In the present study, the LVMI did not change during the 12 months post-HTx in the undersized group, but reduced in the first 6 months post-HTx in the size-matched and oversized groups. In contrast, the CI and RVSWI increased in the first 6 months post-HTx in the undersized group, but did not change over time in the size-matched and oversized groups. This finding suggested that the RV may be more vulnerable to undergoing adjustments to suit the new body, thus inducing cardiac remodeling, than the LV; however, this must be confirmed in further studies of the dynamic changes in the RV and the LV after HTx.

Study Limitations

The present study was primarily limited by its retrospective design. The indication for size-mismatched HTx was discussed by the heart team as the best clinical option for the individual patient without clear documentation of the inclusion or exclusion criteria.

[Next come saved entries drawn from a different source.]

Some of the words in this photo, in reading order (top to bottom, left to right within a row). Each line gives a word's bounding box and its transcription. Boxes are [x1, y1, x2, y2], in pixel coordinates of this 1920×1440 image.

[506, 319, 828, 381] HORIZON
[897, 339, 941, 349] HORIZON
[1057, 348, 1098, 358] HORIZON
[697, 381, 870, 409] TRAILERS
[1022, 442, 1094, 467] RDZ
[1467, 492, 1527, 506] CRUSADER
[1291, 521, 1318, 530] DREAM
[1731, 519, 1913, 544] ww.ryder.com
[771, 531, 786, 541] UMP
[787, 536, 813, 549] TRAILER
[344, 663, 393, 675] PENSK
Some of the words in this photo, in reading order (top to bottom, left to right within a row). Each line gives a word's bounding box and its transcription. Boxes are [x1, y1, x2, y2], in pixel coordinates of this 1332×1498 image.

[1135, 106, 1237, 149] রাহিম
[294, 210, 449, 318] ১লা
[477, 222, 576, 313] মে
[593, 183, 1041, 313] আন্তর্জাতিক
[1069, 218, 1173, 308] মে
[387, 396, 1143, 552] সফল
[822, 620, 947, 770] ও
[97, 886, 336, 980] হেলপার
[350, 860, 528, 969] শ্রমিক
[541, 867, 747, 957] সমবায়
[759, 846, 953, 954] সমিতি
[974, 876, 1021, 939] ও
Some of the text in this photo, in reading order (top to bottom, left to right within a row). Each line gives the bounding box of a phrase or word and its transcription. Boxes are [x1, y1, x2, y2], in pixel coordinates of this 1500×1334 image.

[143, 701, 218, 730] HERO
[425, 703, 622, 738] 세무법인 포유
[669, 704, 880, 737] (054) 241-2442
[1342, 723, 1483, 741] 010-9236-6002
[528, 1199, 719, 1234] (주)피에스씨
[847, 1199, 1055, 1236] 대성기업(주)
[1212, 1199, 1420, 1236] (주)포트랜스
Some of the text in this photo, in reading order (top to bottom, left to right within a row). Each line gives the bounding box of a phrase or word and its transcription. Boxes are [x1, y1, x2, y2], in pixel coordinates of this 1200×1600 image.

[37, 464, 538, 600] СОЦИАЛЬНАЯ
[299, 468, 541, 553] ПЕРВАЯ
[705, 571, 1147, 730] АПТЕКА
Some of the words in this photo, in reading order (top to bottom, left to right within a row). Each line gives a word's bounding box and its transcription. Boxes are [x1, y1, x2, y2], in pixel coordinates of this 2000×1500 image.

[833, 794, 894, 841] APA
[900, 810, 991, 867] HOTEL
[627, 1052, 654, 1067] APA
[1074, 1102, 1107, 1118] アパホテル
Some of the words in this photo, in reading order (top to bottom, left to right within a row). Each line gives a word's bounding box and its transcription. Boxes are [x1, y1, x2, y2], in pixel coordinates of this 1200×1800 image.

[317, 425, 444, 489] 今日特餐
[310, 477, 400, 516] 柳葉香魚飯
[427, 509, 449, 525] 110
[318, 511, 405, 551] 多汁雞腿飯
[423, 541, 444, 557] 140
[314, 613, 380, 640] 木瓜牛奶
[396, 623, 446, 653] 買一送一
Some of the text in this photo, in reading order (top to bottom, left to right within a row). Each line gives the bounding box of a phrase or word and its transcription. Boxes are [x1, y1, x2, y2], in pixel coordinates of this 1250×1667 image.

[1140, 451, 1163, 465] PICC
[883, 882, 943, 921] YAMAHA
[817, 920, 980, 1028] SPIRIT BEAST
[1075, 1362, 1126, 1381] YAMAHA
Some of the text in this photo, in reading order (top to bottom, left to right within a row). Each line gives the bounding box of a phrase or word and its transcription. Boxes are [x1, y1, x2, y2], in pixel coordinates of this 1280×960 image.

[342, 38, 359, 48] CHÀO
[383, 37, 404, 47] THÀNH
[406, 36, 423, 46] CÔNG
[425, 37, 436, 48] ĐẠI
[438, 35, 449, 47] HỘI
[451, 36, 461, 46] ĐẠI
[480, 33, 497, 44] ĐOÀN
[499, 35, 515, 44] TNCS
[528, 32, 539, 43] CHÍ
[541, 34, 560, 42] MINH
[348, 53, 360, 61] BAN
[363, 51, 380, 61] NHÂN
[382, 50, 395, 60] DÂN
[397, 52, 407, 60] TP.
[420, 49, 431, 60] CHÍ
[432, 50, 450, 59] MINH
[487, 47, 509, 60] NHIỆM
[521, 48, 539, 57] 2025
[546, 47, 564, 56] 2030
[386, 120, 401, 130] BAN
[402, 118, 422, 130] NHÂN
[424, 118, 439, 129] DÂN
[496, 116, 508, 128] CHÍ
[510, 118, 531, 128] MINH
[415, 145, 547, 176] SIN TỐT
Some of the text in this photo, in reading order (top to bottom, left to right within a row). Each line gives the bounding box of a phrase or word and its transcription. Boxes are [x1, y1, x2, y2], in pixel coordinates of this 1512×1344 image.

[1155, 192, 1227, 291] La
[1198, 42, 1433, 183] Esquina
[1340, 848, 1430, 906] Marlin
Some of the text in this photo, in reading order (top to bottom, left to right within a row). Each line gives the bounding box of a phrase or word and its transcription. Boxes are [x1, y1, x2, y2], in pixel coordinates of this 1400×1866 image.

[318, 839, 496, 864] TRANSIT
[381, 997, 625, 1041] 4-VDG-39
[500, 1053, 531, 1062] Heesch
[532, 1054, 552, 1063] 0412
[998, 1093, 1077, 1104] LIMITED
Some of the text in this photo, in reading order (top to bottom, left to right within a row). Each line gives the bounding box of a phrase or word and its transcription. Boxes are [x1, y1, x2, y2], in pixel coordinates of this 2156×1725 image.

In conclusion, the mBCAT prevented caval anastomosis-related complications in size-mismatched HTx and achieved excellent hemodynamics regardless of the donor size, possibly warranting further expansion of the indication for size-mismatched HTx.

Acknowledgments

We thank Kelly Zammit, BVSc, and Angela Morben, DVM, ELS, from Edanz Group (www.edanzediting.com/ac) for editing a draft of this manuscript.

Disclosure Statement

The authors have no conflicts of interest to disclose. No funding was obtained for this work.